What’s In Your Exercise Program?

What’s In Your Exercise Program?

By now, it’s no secret that regular exercise is a key component to improving overall fitness, health and wellness.  Exercise and physical activity decrease the risk of developing

  1. Heart Disease, 
  2. Stroke
  3. Type 2 diabetes 
  4. Some forms of cancer (e.g., colon and breast cancers) 
  1. Exercise and physical activity 
    1. lower blood pressure
    2. improve cholesterol profile 
    3. reduce inflammation 
    4. enhance insulin sensitivity 
    5. play an important role in weight management 

But what constitutes regular exercise? 

Is walking enough?

Does housework or gardening count as exercise?

How much exercise do I need to do?

Do I need to exercise every day?

If I’m sweating does that mean I’m working hard enough?

 

In the coming weeks, through “I-MOVE”,  we will make an effort to answer these and many other questions surrounding exercise and take a deeper dive into the nuances of each key component.  

 

Any comprehensive exercise plan should include the following components:

  1.  cardiovascular exercise
  2.  muscle power/strength/endurance exercise
  3.  flexibility exercise
  4.  neuromotor exercise

 

This week we will focus on cardiovascular exercise.

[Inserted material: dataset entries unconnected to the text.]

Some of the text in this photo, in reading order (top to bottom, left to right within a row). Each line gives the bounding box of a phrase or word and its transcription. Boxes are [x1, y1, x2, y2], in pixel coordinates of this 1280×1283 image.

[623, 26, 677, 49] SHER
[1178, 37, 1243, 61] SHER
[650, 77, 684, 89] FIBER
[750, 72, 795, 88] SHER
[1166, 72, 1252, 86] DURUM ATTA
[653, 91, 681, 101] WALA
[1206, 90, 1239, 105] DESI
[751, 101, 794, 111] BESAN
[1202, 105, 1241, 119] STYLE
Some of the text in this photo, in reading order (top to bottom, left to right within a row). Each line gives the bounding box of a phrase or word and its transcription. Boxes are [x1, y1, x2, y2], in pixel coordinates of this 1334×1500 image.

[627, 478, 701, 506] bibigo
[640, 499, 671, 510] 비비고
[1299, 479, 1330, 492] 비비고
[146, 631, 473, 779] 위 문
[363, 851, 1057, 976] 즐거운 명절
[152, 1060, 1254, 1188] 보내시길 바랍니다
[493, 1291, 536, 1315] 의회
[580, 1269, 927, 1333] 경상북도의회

Cardiovascular exercise is sometimes referred to as aerobic exercise because these exercises requires increased quantities of oxygen  to be delivered to the working muscles in order to perform and sustain them. 

 

Activities which could qualify as cardiovascular or aerobic include but are not limited to things like:

  1.  walking
  2.  running
  3.  bike riding
  4.  swimming
  5.  skating
  6.  rowing/sculling
  7.  cross country skiing
  1. The American College of Sports Medicine (ACSM) 

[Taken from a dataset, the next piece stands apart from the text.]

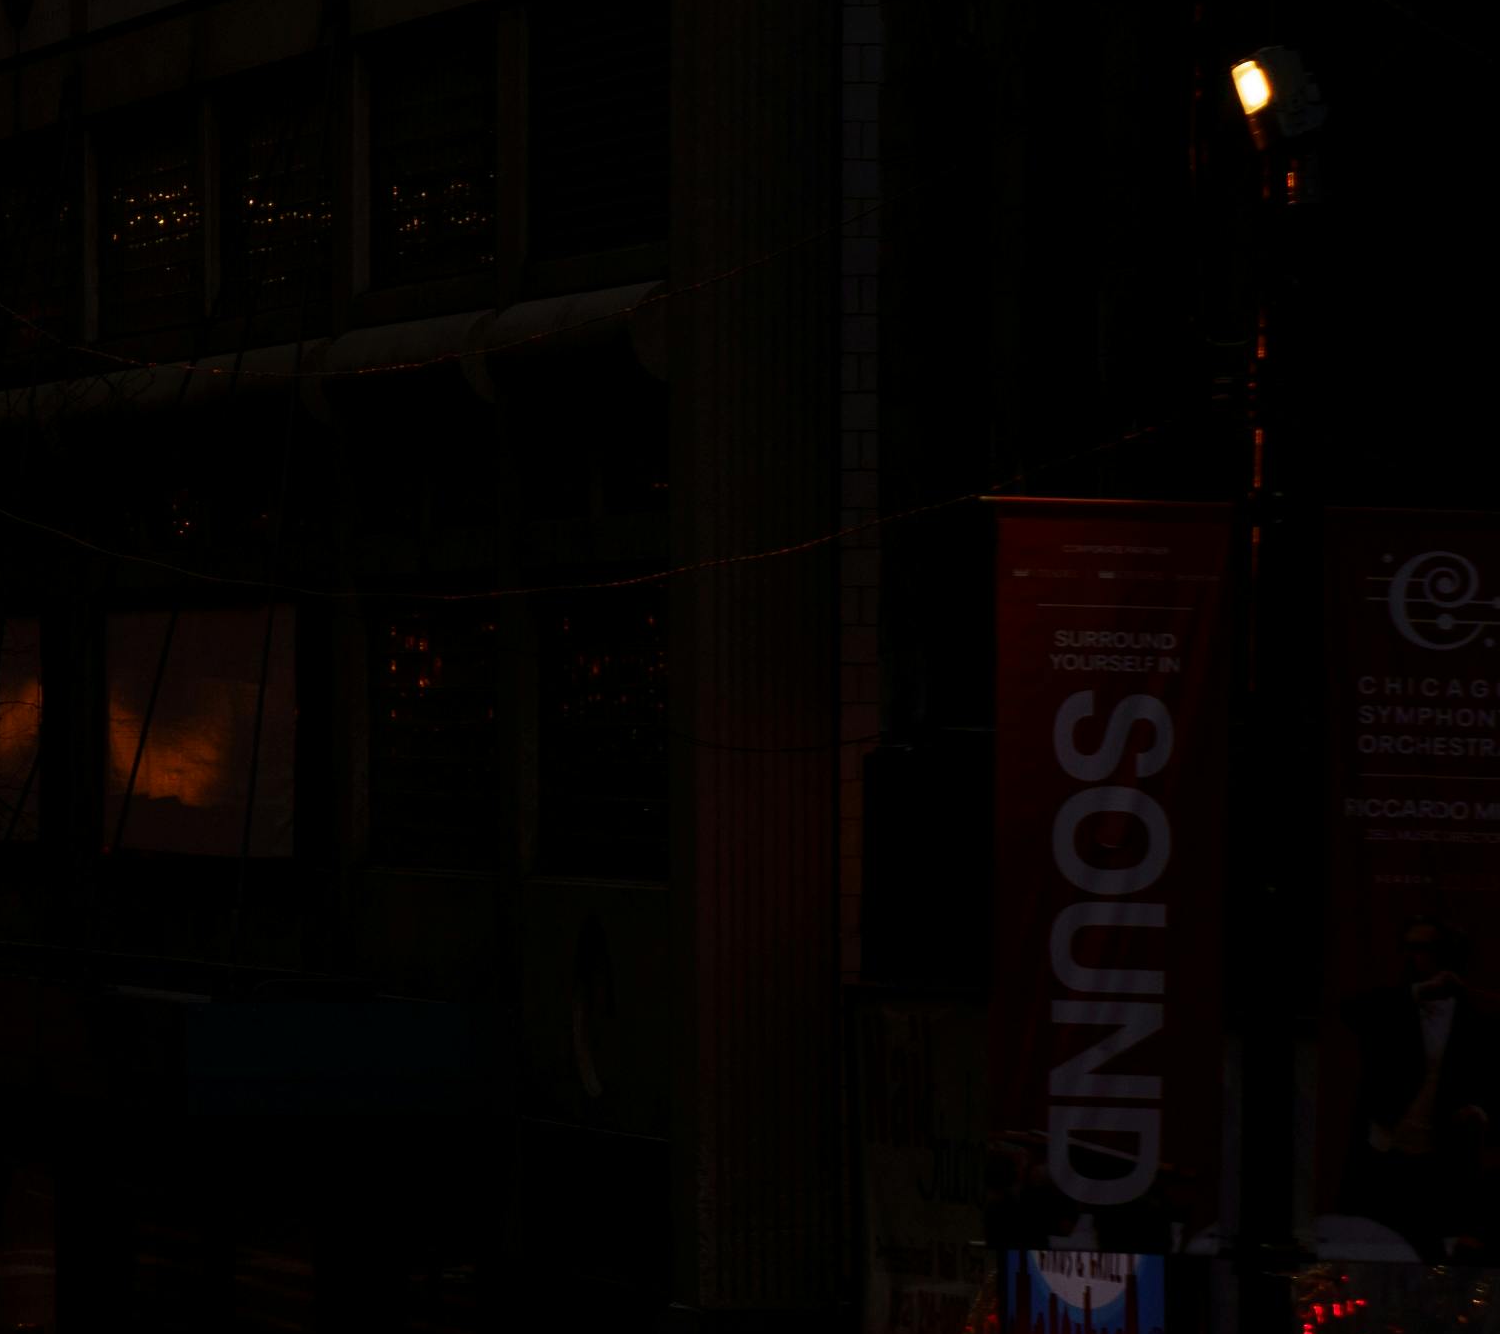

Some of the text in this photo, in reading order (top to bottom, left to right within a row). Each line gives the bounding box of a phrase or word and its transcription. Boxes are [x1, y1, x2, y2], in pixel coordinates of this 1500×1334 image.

[1052, 630, 1177, 651] SURROUND
[1049, 652, 1181, 673] YOURSELF IN
[1356, 705, 1500, 728] SYMPHON
[1047, 689, 1175, 1206] SOUND

recommends that most adults engage in 

moderate-intensity cardiorespiratory exercise training for at least 30 minutes on at least 5 days per week or at least a total of 150 minutes per week or  vigorous-intensity cardiorespiratory exercise training for at least 20 - 30 minutes per day on at least 3 days per week or at least 75 minutes per week or a combination of moderate- and vigorous-intensity exercise.

 

  1. OK, so how do you monitor intensity?  There are a few 

ways to do that.  

  1. Percentage of Maximum Heart Rate is probably the most commonly used method to monitor exercise intensity but it is also the most difficult method to use accurately and wouldn’t be my first choice.
  2. Rate of Perceived Exertion (RPE) is easier to use and equally as accurate as using the Heart Rate method.  Simply rate your exercise intensity on a scale of 0-10.  Zero is the intensity of your activity while you are at rest.  Ten is the intensity of your activity while you are working at your absolute maximum.  Any activity that puts your RPE between 3-5 would be considered moderate intensity.  Any activity with an RPE between 6-8 would be considered vigorous intensity.
  3. The Talk Test is the easiest method of monitoring intensity.  If you can talk but not sing during an activity, you are likely working at a moderate intensity.  If you can only speak a few words but not a full sentence, your activity is at a vigorous intensity.

 

As an example, let’s look at Harry and Sally.  

 

Harry is just starting his exercise program so he opts for walking around the track at Pine Banks Park for his cardiovascular exercise.  Each morning before he leaves for work he heads out for his 30 minute walk. He’s listening to music from his smartphone and singing along to his favorite tunes.  Harry now knows that he’s walking at the right speed when he can no longer sing his favorite songs!  

 

Sally , an experienced runner, prefers to run for her cardio exercise and she wants to train for the upcoming YMCA 5K.  However, Sally has to commute into Boston each day for work and can only commit to running 3 times per week, Tuesday evenings and Saturday and Sunday mornings.  She decides she’s going to run in her neighborhood for her training. Sally, with the help of her personal trainer from MOVE, determines her Heart Rate Training Zone.  Using her wearable heart rate monitor, Sally now knows how fast she should run in order to reach the vigorous intensity level needed to successfully train for the 5K.

 

Both Harry and Sally are starting from different fitness levels and each have different objectives for their training.  However they both will reap significant health benefits from their exercise.